- Born: October 4, 1971 Fort Worth, Texas, U.S.
- Died: November 16, 1999 (aged 28) Huntsville Unit, Texas, U.S.
- Criminal status: Executed by lethal injection
- Motive: Robbery Witness elimination
- Conviction: Capital murder (2 counts)
- Criminal penalty: Death

Details
- Victims: 5–20
- Span of crimes: October – December 1993
- Country: United States
- State: Texas
- Weapon: Pistol
- Date apprehended: January 20, 1994

= Desmond Domnique Jennings =

Executed American serial killer

Desmond Domnique Jennings (October 4, 1971 – November 16, 1999) was an American serial killer who killed at least five people in drug-related robberies in Fort Worth, Texas in 1993. While authorities only conclusively proved his guilt in five murders, they suspected him in as many as twenty.

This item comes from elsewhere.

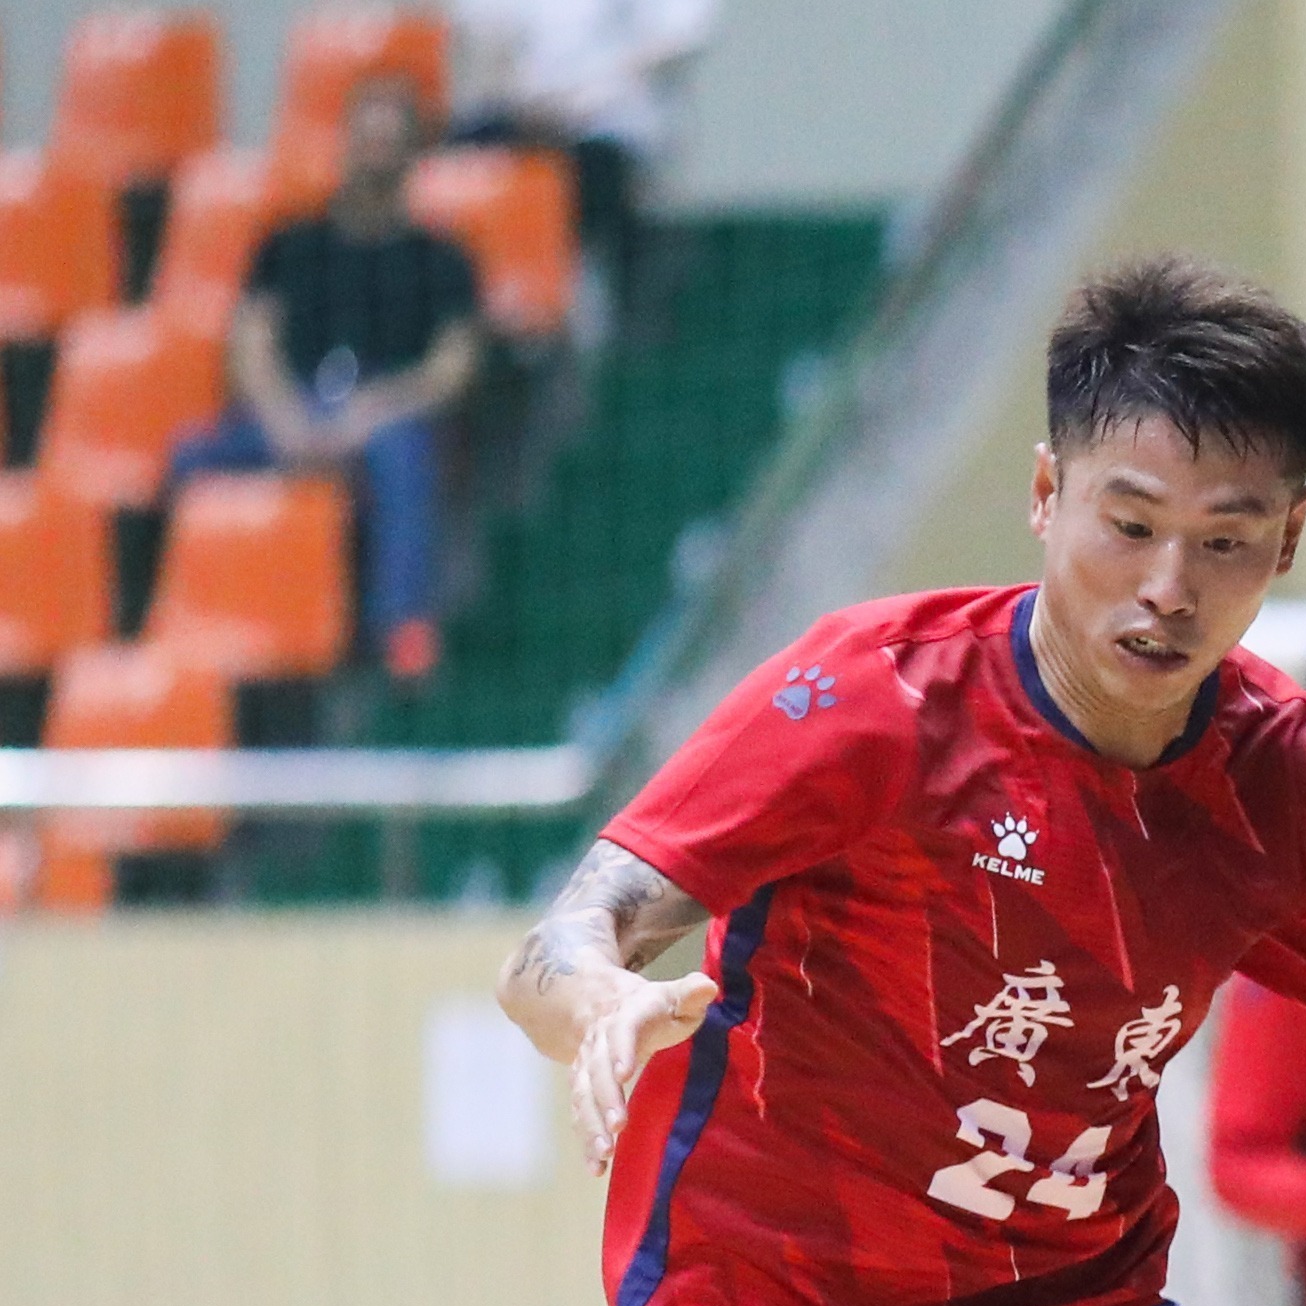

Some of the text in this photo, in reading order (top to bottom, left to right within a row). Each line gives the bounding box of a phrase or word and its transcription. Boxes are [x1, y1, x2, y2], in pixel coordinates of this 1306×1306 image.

Jennings was executed in 1999. During his execution, he had to be forcibly taken to the death chamber. It was the first time in modern Texas history that prison officials had to forcibly move a death row inmate due to them refusing to cooperate.

== Early adult life ==
Little is known about Jennings' life prior to the murders. He was born on October 4, 1971, in Fort Worth and grew up in a middle-class family. He had an older brother, Didrail.

Prior to the murders, Jennings worked as a nurse's aide.

==Murders==
On October 25, 1993, Jennings, 22-year-old John H. Freeman and Robert Anderson donned ski masks and broke into a drug house on 3345 Eastland Street in Fort Worth, where they encountered 43-year-old Larry Eugene Wilson, a fleet service worker for American Airlines who had gone there to buy marijuana. Jennings opened fire and shot Wilson in the abdomen, after which he and his accomplices stole some money and fled. Wilson was rushed to the John Peter Smith Hospital, where he succumbed to his injuries on the following day. According to witnesses present at the shooting, he had only been there for a few minutes before the gunmen entered and shot him.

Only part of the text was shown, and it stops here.